Used to do this as an agency principal and it involved a lot of time spent managing clients and projects and subcontractors. Drove myself crazy and took a couple years off after nearly burning out.
I look for projects where the software solves a single targeted business problem and can quickly get to “done”. Then the client is happy to pay for ongoing maintenance/ops, so any additional effort I put into the software is around reducing my ongoing workload.
Follow on work came from other people at that first client company who knew my work and went on to work at other companies.
I am building a Zillow for Europe [1]. The real estate market in Europe is a big mess and for the past 10 years not much has happend so far in proptech because it was easy to rent/sell properties. Now things are changing and I see a lot more supply coming on the platform. So far rented out 40 apartments doing around 3k in profit a month. We focus primarily on overseas/expats right now
Another project I started with a good friend from Google is Webtastic AI [2] it's a lead gen platform that indexes large amounts of data and I am using simple ML models to clean it up and make sense out of it. It does around 1.9k a month now but we just launched 2 weeks ago so that looks promising. Thanks to google cloud we got 100k credits which makes it a bit more feasible because the startup costs are extremely high.
[1] https://homestra.com/ [2] https://webtastic.ai/
It's hidden on mobile because I didn't have the time yet to optimise it!
after applying a filter i get a 404 (only fitler was bedroom size): https://homestra.com/houses-for-sale/?amount-of-bedrooms=2
On the note of filtering, why do you not have upper bounds on bedrooms/bathrooms? it seems like filtering for a 2 bedroom isn't possible because "2+" would give me a ton i am not interested in
Ill add the elevator filter, thanks for your input!
For apartments:
* Searching by floor (or below or above floor)
* Searching by presence/absence of elevator
For all property types:
* Searching by rented / unrented status (evicting tenants for your own use is hard)
* Searching by build phase, if you're interested in new-build properties
* Searching by build year (some people prefer Altbaus, some consider them the work of the devil)
* Searching by heating type (underfloor vs radiator)
* Searching by rooms, not bedrooms.

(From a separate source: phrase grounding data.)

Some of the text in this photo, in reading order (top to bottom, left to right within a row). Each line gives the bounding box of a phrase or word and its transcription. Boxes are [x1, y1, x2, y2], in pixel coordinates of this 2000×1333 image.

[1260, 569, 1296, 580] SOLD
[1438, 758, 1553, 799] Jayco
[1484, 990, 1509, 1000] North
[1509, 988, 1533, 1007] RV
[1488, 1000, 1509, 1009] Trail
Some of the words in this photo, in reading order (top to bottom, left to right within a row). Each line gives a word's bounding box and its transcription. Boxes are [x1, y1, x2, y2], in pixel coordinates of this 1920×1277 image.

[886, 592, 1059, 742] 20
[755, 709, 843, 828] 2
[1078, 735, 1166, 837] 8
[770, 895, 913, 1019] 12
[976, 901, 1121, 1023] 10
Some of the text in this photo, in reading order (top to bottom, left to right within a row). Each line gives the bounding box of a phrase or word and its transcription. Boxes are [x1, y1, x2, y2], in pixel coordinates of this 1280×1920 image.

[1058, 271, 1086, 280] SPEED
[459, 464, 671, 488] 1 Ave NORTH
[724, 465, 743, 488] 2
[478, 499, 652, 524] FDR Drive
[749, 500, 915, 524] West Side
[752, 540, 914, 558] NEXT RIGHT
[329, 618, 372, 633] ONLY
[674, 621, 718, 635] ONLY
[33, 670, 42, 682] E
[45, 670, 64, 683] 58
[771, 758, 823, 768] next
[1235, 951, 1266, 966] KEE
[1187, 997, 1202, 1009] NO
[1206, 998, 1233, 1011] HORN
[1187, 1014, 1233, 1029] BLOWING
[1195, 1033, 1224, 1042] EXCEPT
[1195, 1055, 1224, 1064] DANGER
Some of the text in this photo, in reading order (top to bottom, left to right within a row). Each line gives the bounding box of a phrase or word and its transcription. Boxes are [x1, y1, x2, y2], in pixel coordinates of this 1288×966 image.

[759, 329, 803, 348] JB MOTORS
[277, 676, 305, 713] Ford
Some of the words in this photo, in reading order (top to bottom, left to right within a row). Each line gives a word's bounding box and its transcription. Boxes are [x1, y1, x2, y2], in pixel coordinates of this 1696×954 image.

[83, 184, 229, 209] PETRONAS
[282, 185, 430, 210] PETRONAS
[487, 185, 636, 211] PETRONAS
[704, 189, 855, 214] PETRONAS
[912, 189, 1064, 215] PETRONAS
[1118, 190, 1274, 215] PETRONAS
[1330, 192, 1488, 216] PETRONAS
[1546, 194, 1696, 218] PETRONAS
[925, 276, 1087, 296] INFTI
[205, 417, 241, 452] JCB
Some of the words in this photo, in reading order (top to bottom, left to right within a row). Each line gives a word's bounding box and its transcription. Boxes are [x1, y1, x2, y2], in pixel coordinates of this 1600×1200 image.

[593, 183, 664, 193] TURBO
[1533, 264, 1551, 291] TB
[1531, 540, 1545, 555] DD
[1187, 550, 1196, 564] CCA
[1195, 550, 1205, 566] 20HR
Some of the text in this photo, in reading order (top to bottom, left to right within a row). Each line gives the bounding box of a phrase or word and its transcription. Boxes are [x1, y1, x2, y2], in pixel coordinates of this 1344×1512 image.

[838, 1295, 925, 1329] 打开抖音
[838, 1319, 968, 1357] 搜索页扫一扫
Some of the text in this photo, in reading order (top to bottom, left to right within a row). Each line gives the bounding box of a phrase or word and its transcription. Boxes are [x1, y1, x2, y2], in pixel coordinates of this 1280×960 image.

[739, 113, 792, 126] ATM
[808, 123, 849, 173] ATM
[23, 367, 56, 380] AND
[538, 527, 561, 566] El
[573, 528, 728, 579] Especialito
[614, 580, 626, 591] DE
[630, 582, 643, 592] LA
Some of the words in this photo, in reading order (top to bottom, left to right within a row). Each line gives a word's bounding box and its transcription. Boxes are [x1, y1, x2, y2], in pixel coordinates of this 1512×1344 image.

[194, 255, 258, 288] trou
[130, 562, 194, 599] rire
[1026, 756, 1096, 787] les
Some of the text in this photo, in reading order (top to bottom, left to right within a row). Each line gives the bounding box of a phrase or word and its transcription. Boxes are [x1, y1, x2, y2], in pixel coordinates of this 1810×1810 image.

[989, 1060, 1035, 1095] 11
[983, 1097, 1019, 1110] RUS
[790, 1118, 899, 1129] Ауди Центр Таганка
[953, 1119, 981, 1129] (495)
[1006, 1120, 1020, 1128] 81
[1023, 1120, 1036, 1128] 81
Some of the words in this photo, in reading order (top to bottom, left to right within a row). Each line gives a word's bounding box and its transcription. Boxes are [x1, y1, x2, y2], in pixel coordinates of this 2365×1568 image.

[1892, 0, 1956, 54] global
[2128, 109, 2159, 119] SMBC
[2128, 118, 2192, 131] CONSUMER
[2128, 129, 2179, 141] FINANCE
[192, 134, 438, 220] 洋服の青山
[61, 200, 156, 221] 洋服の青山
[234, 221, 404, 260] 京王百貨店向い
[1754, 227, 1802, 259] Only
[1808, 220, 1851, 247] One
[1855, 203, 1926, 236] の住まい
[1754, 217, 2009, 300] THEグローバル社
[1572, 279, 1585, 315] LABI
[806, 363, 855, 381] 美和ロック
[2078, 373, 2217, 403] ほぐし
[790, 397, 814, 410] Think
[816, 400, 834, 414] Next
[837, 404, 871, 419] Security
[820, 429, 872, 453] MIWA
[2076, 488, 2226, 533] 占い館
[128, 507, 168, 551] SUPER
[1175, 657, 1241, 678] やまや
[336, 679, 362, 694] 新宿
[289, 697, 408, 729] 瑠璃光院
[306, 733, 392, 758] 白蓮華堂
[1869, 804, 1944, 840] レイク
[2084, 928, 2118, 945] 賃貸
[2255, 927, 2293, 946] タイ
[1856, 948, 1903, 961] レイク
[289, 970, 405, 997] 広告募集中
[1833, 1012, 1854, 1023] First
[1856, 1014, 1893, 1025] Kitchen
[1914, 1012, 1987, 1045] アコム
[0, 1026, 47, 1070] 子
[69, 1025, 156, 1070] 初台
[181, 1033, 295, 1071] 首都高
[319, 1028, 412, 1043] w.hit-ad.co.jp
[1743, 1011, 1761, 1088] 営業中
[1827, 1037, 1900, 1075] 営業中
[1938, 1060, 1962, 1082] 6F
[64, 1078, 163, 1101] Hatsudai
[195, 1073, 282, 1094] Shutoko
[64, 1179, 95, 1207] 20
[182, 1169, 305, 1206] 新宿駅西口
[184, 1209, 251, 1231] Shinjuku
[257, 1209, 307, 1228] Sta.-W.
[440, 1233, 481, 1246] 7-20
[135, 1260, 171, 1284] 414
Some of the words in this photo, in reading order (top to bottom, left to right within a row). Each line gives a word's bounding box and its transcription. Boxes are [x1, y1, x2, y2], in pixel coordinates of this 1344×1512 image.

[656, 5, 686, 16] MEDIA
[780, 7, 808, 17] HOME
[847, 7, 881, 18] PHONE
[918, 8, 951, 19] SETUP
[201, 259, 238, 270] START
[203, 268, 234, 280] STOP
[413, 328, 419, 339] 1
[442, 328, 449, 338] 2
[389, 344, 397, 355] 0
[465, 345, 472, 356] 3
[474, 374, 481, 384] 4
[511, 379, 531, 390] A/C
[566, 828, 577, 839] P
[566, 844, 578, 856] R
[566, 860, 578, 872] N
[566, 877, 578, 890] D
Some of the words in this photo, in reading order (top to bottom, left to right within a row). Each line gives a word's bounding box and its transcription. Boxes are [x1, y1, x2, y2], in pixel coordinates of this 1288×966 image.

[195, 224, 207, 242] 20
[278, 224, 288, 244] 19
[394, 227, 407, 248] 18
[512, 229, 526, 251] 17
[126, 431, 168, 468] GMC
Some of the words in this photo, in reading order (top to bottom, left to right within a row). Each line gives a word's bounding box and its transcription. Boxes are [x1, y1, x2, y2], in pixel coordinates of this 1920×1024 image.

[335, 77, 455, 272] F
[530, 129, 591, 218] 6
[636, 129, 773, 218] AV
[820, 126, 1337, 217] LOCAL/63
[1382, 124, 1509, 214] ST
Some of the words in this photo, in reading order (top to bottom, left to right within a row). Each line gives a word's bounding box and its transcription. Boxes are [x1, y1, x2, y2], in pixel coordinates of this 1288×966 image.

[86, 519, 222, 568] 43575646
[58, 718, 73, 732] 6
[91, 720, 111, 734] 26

In Germany, a 1-room flat is a Studio Apartment and doesn't have a bedroom.
* Display of and searching by fees when buying (typically this is searching for "no estate agent fee")
* Display of and searching by Warm & Cold rent when renting
* Ability to search by state & city (at a bare minimum, and note that state affects how much property tax has to be paid when purchasing)
I think most countries are going to have a lot of little quirks like this, and it's going to be a hard sell to get people to switch over until you've got a lot of these in place for each country. I know that I've used international sites like this in the past and ultimately abandoned them because they either made it too difficult to find what I wanted, or there just weren't enough properties on there.
Thanks for your feedback, really appreciated!
As a European, I (at least) don't understand what this means - and therefore don't understand your offering, your USP?
What does/will Homestra offer, and how will it be different from e.g. Immobilienscout?
Google maps was crazy expensive I went with Mapbox[1] for now which seems to have enough features and is less expensive.